Même si, visuellement, on est dans un design épuré, très 2010 -les Déviants font penser aux animaux d’Avatar- à des années-lumière des délires visuels du créateur des Eternels Jack Kirby (dont le style serait impossible à transposer au cinéma, tant il épouse totalement le médium de la page de papier des comics), le film fonctionne. Le cœur y est. Les Eternels existent, parfois maladroitement, parfois imparfaitement, mais cette maladresse et cette imperfection ne font pas dérailler le film, au contraire : on finit par croire à ces êtres surpuissants et fragiles qui tournent le dos à l’humanité. Notamment lors d’une très belle scène, celle de la Noche Triste, pendant le pillage de Tenochtitlan par les conquistadores en 1520, lorsque l’Eternelle Thena (Angelina Jolie) devient folle de colère guerrière sous le poids de sa mémoire et du trop-plein de ses souvenirs accumulés pendant des milliers d’années.

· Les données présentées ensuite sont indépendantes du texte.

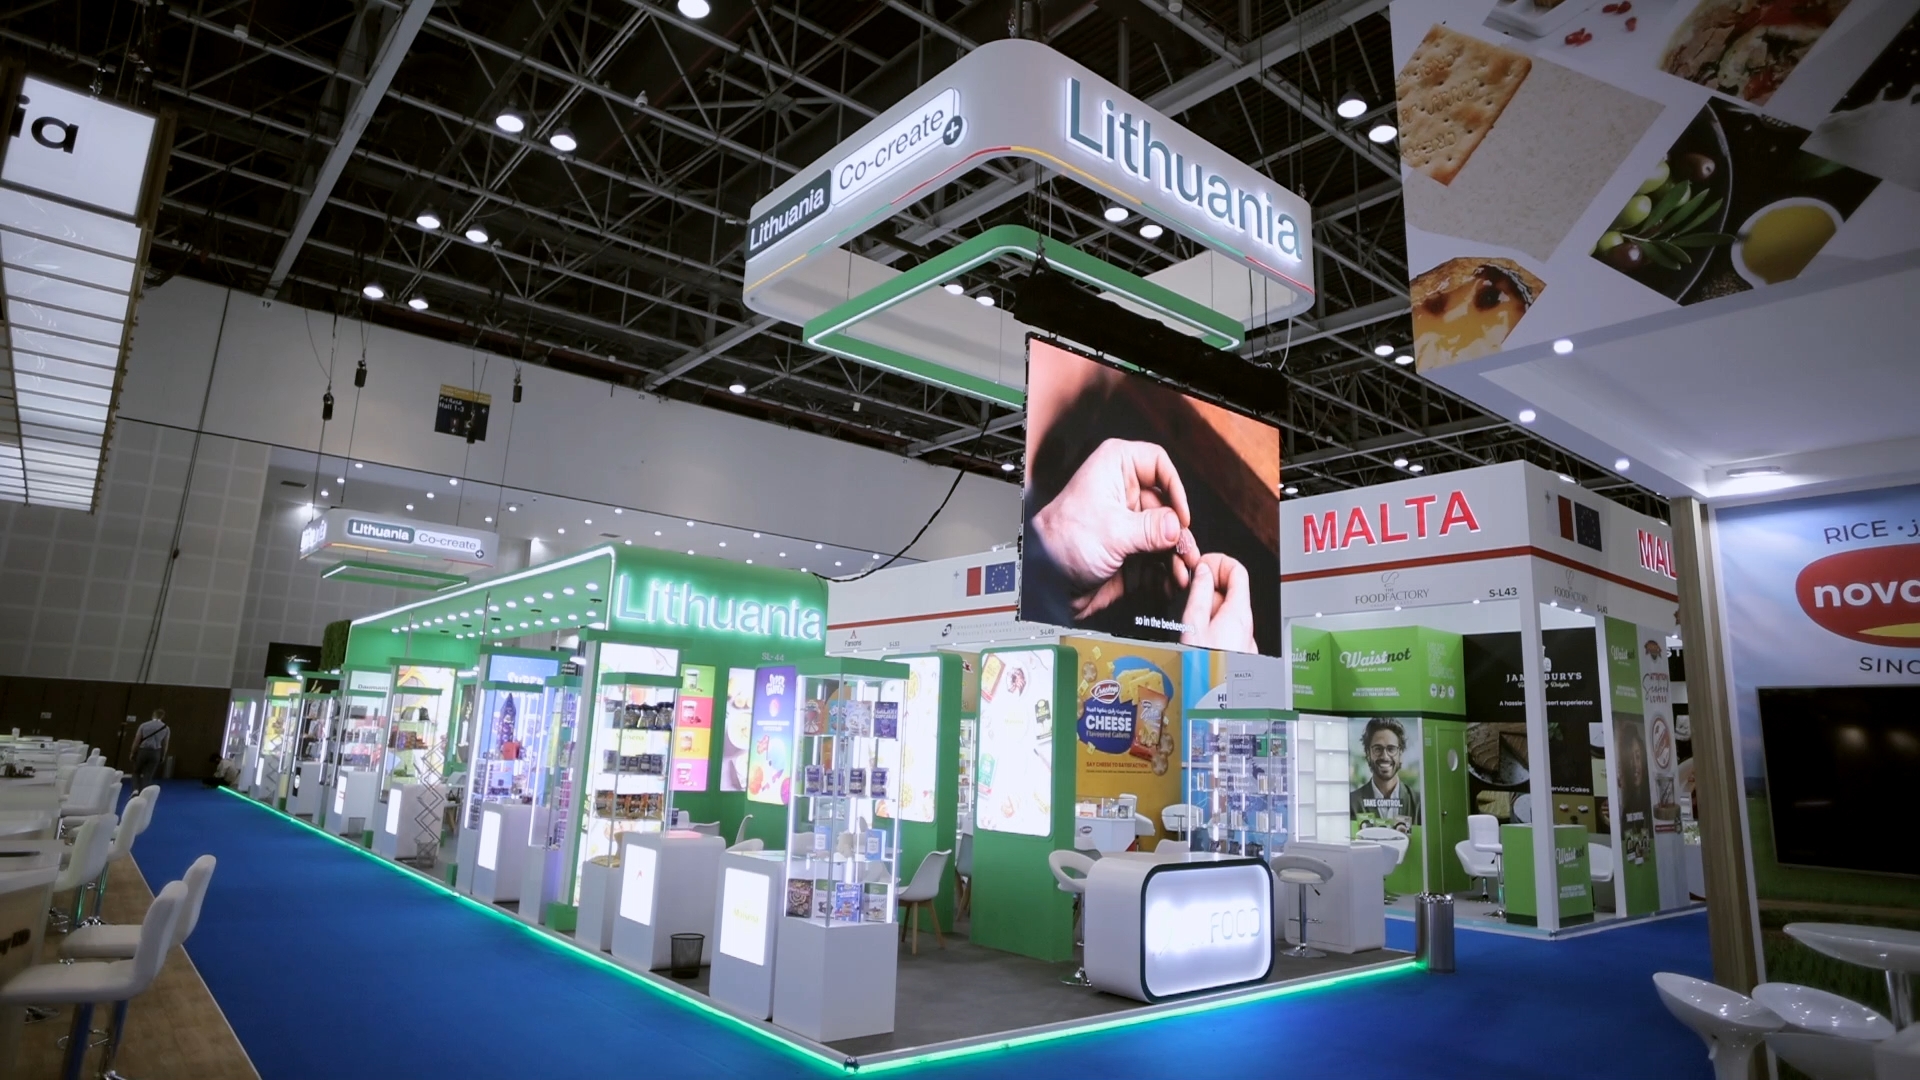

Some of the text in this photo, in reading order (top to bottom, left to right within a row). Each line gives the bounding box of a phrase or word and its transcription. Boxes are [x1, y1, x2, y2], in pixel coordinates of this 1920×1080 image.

Les Eternels souffre également de ce trop-plein, qui prend la forme d’arcs narratifs plus ou moins exploités condensant en 2h40 ce qui aurait pu tenir en une saison entière de série (le trip gourou de Barry Keoghan, la vie de couple de Brian Tyree Henry, la carrière d’acteur bollywood de Kumail Nanjiani, tout cela aurait pu donner de bons standalones…), : on pense évidemment à Sense8, qui semble être le modèle rêvé de ces Eternels -mêmes couleurs, même feeling planétaire, mêmes ondes gay-friendly. Si, à la toute fin, le MCU reprendra ses droits (cela reste une constante dans l’univers : rien ni personne ne peut échapper à la gravité), ce n’est pas si grave. On a envie d’aimer ces Eternels, héroïnes et héros bien incarnés, offrant un joli redémarrage du MCU dans un film plus feelgood qu’on aurait cru. Profitez-en, car on ne sait pas si ça va durer.